I've tried looking at the Yarn manager and it looks like it shows that each node slave has: 110 GB (used) 4 GB (avail.). You can also see the total allocated on the first image (700 GB). I've also tried changing the ALS source and forcing the intermediateRDDStorageLevel and finalRDDStorageLevel from MEMORY_AND_DISK to MEMORY_ONLY and that didn't affect anything.
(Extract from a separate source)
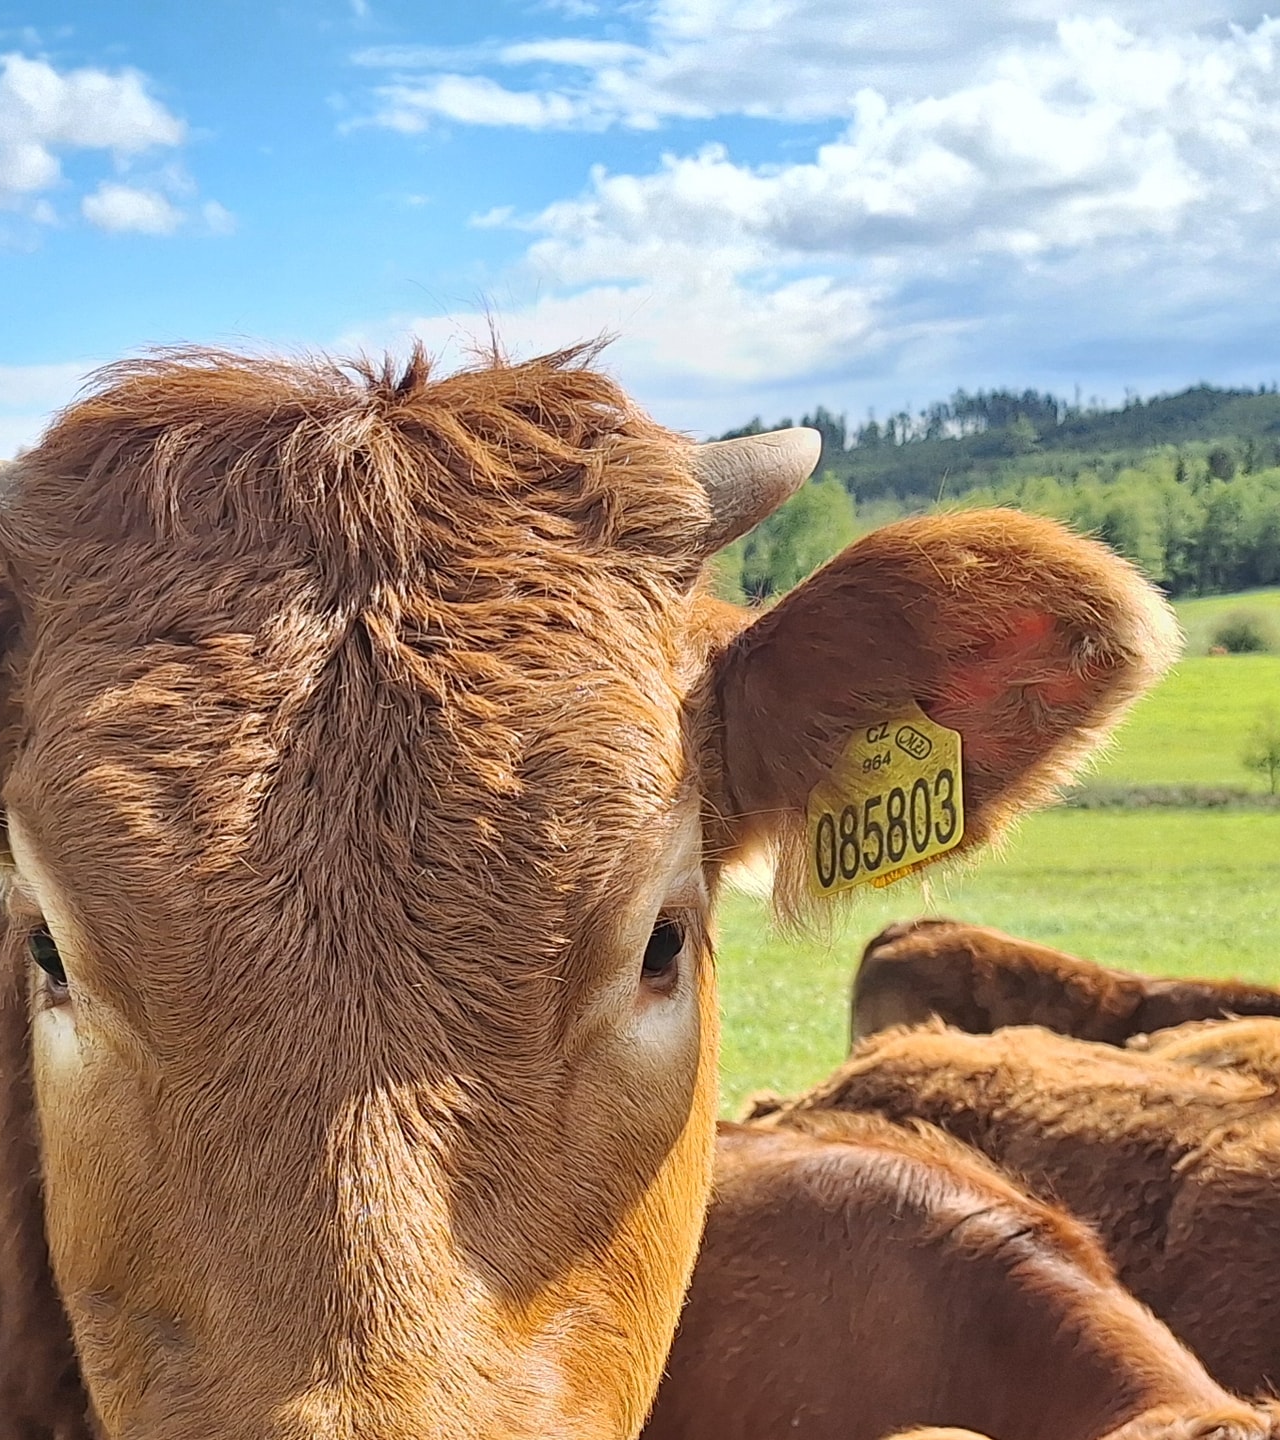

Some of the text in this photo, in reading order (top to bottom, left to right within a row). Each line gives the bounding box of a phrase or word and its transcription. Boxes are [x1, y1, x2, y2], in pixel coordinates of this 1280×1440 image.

[866, 721, 890, 744] CZ
[862, 750, 892, 774] 964
[816, 768, 957, 888] 085803
I am not persisting my RDD's anywhere else in my code so I'm not sure where this disk utilization is coming from. I'd like to better utilize the resources on my cluster, any ideas? How can I more effectively use the available memory?


Solution

  • There can be few scenerios where spark will be using the disk usage instead of memory

    1. If you have shuffle operation. Spark writes the shuffled data in the disk only so if you have shuffle operation you are out of luck

    2. Low executor memory. If you have low executor memory spark has less memory to keep the data so it will be spilling the data from memory to disk. However as you suggested you have tried executor memory from 20G to 40G. I will recommend to keep the executor memory till 40G as beyoind that JVM GC could make your process slower.

    3. If you don't have shuffle operation you might as well tweak spark.memory.fraction if you are using spark 2.2

    From documentation

    spark.memory.fraction (doc) expresses the size of M as a fraction of the (JVM heap space - 300MB) (default 0.6). The rest of the space (40%) is reserved for user data structures, internal metadata in Spark, and safeguarding against OOM errors in the case of sparse and unusually large records.

    So you can make the spark.memory.fraction to .9 and see the behavior.

    1. Lastly there are options apart from MEMORY_ONLY as storage level like MEMORY_ONLY_SER which will serialize the data and store in memory. This option reduces the memory usage as serialized object size is much smaller than the actual object size. If you see lot of spill you can opt this storage level.